What this task involves:
Retyping should cover only the lines from the one containing "this 1600×900 image." through the final line of the records, with pictures omitted.

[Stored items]
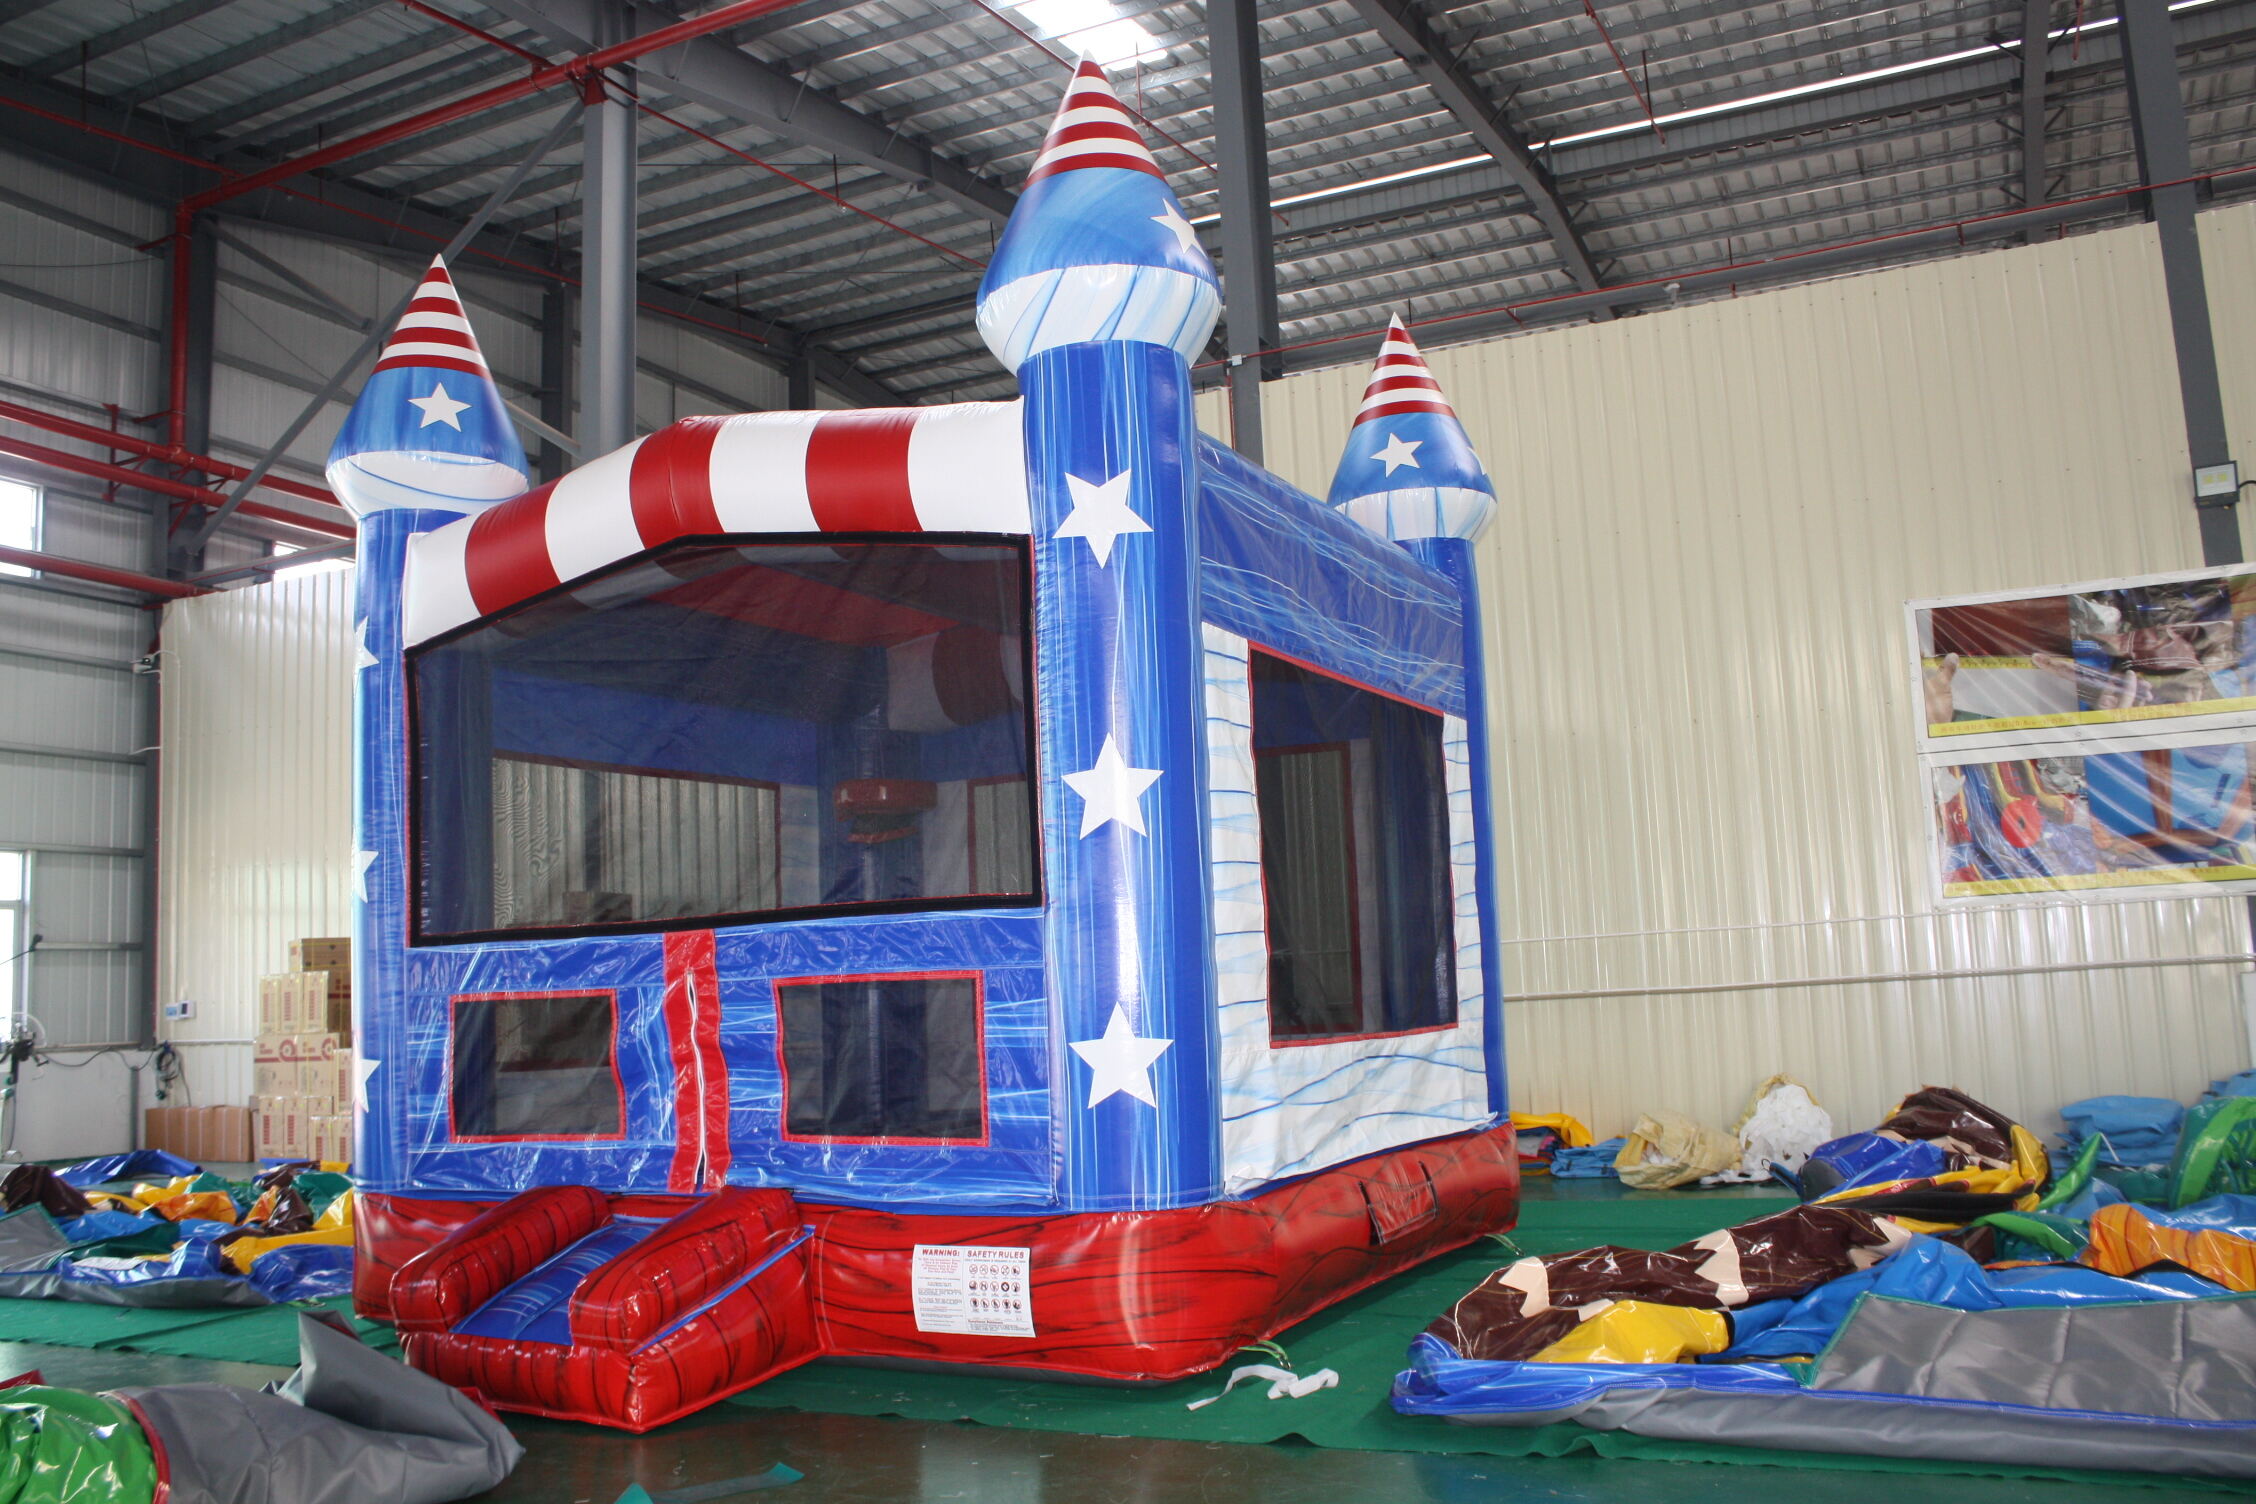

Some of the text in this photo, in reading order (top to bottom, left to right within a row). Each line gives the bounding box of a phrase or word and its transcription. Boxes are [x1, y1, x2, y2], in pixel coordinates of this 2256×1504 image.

[922, 1248, 960, 1257] WARNING:
[967, 1250, 1025, 1259] SAFETY RULES
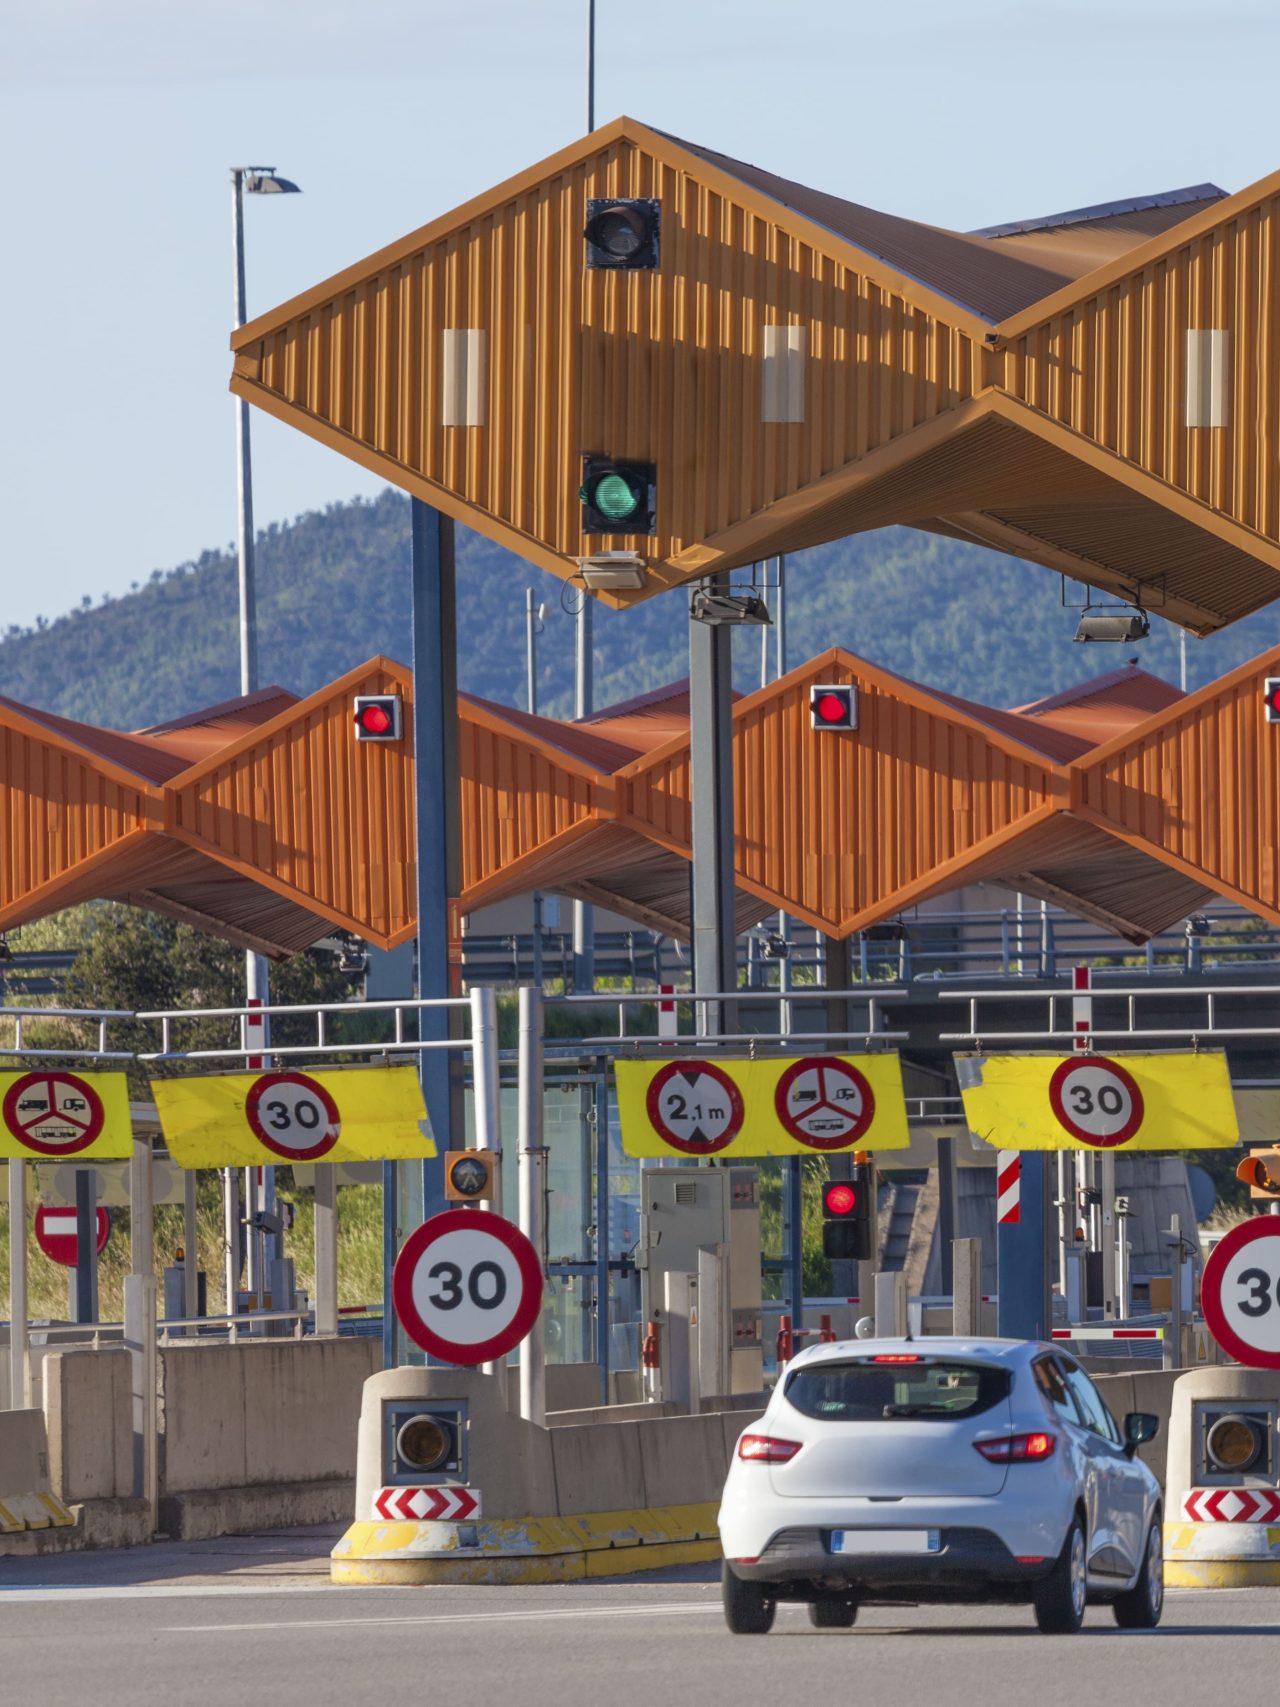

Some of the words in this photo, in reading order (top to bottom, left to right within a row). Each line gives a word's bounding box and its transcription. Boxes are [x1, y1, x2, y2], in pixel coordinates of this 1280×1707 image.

[266, 1099, 320, 1130] 30
[709, 1108, 725, 1119] m
[1069, 1085, 1124, 1116] 30
[428, 1261, 506, 1311] 30
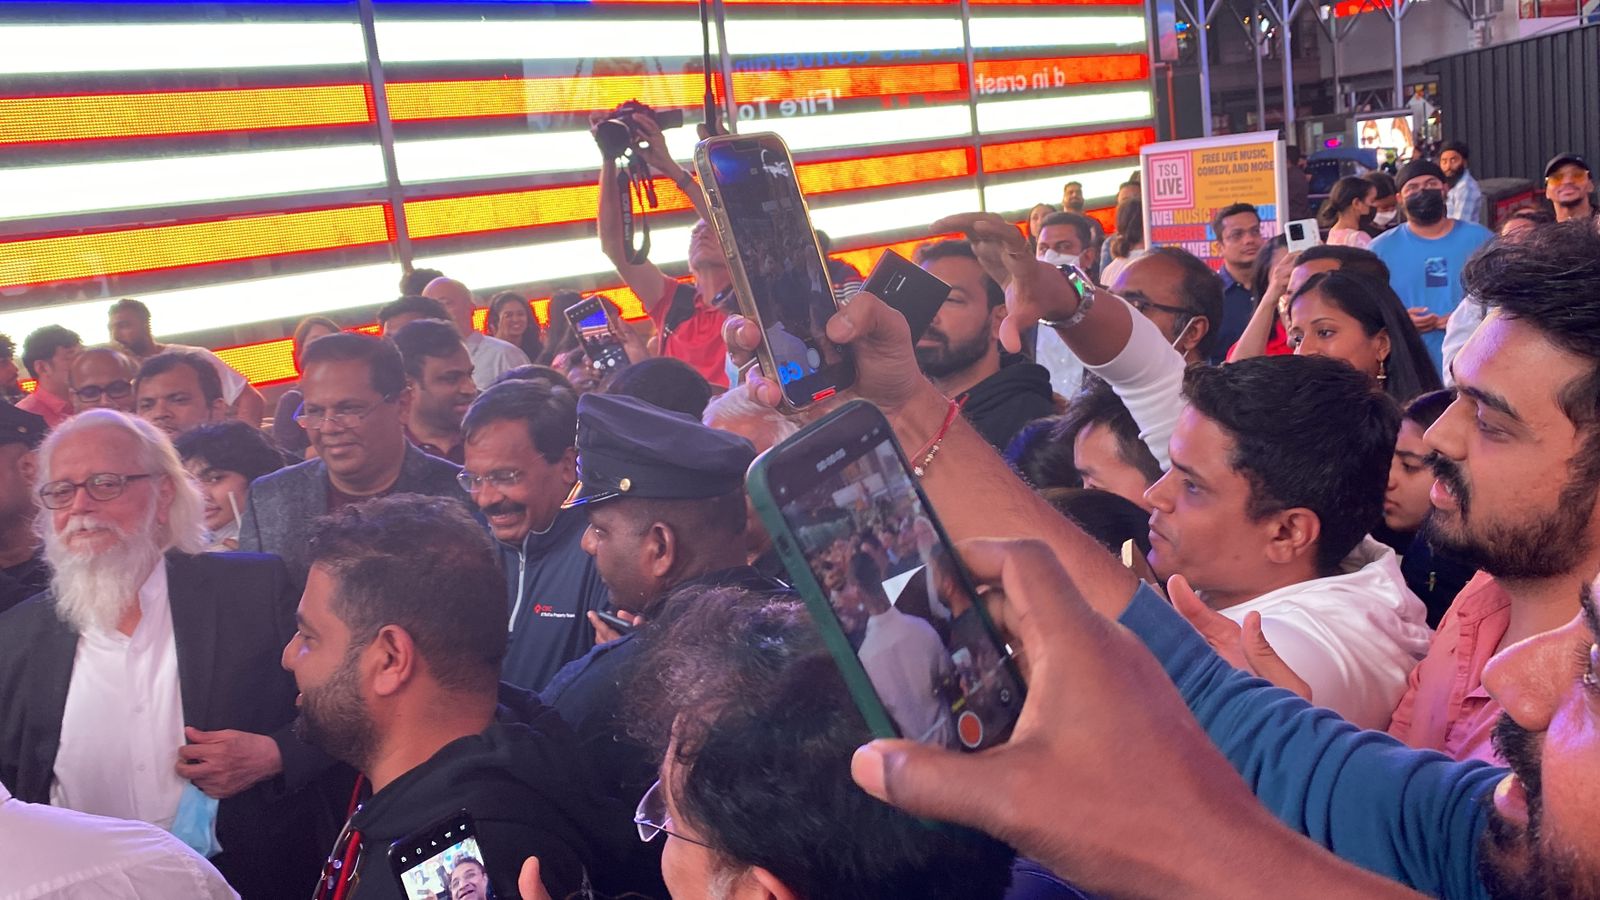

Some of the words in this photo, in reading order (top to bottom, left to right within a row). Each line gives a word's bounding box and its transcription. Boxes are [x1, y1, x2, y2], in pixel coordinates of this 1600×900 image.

[1201, 152, 1220, 164] FREE
[1221, 151, 1238, 162] LIVE
[1158, 163, 1178, 176] TSQ
[1232, 162, 1249, 174] AND
[1156, 177, 1183, 196] LIVE
[1174, 207, 1210, 225] MUSIC
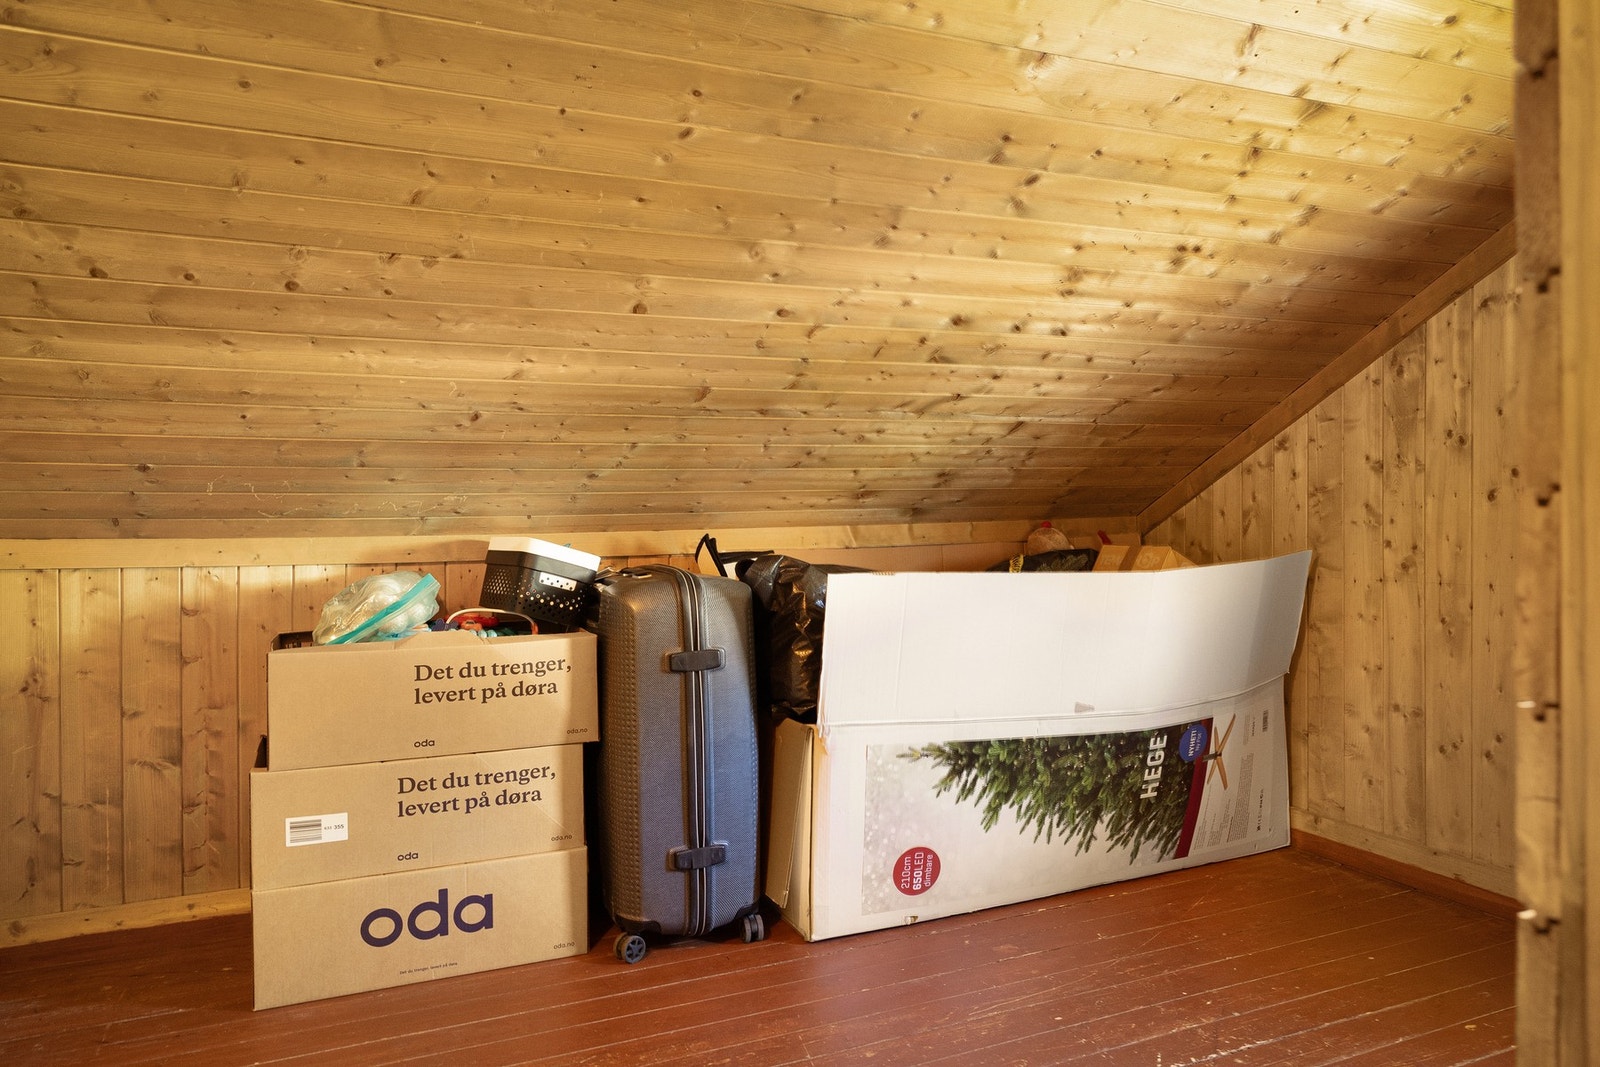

Exercise response:
Some of the words in this photo, in reading order (top to bottom, left to right within a row). Each line gives a word's bounding box and its transcription. Boxes are [x1, y1, x2, y2], in pixel coordinates of this 1600×900 image.

[1201, 152, 1220, 164] FREE
[1221, 151, 1238, 162] LIVE
[1158, 163, 1178, 176] TSQ
[1232, 162, 1249, 174] AND
[1156, 177, 1183, 196] LIVE
[1174, 207, 1210, 225] MUSIC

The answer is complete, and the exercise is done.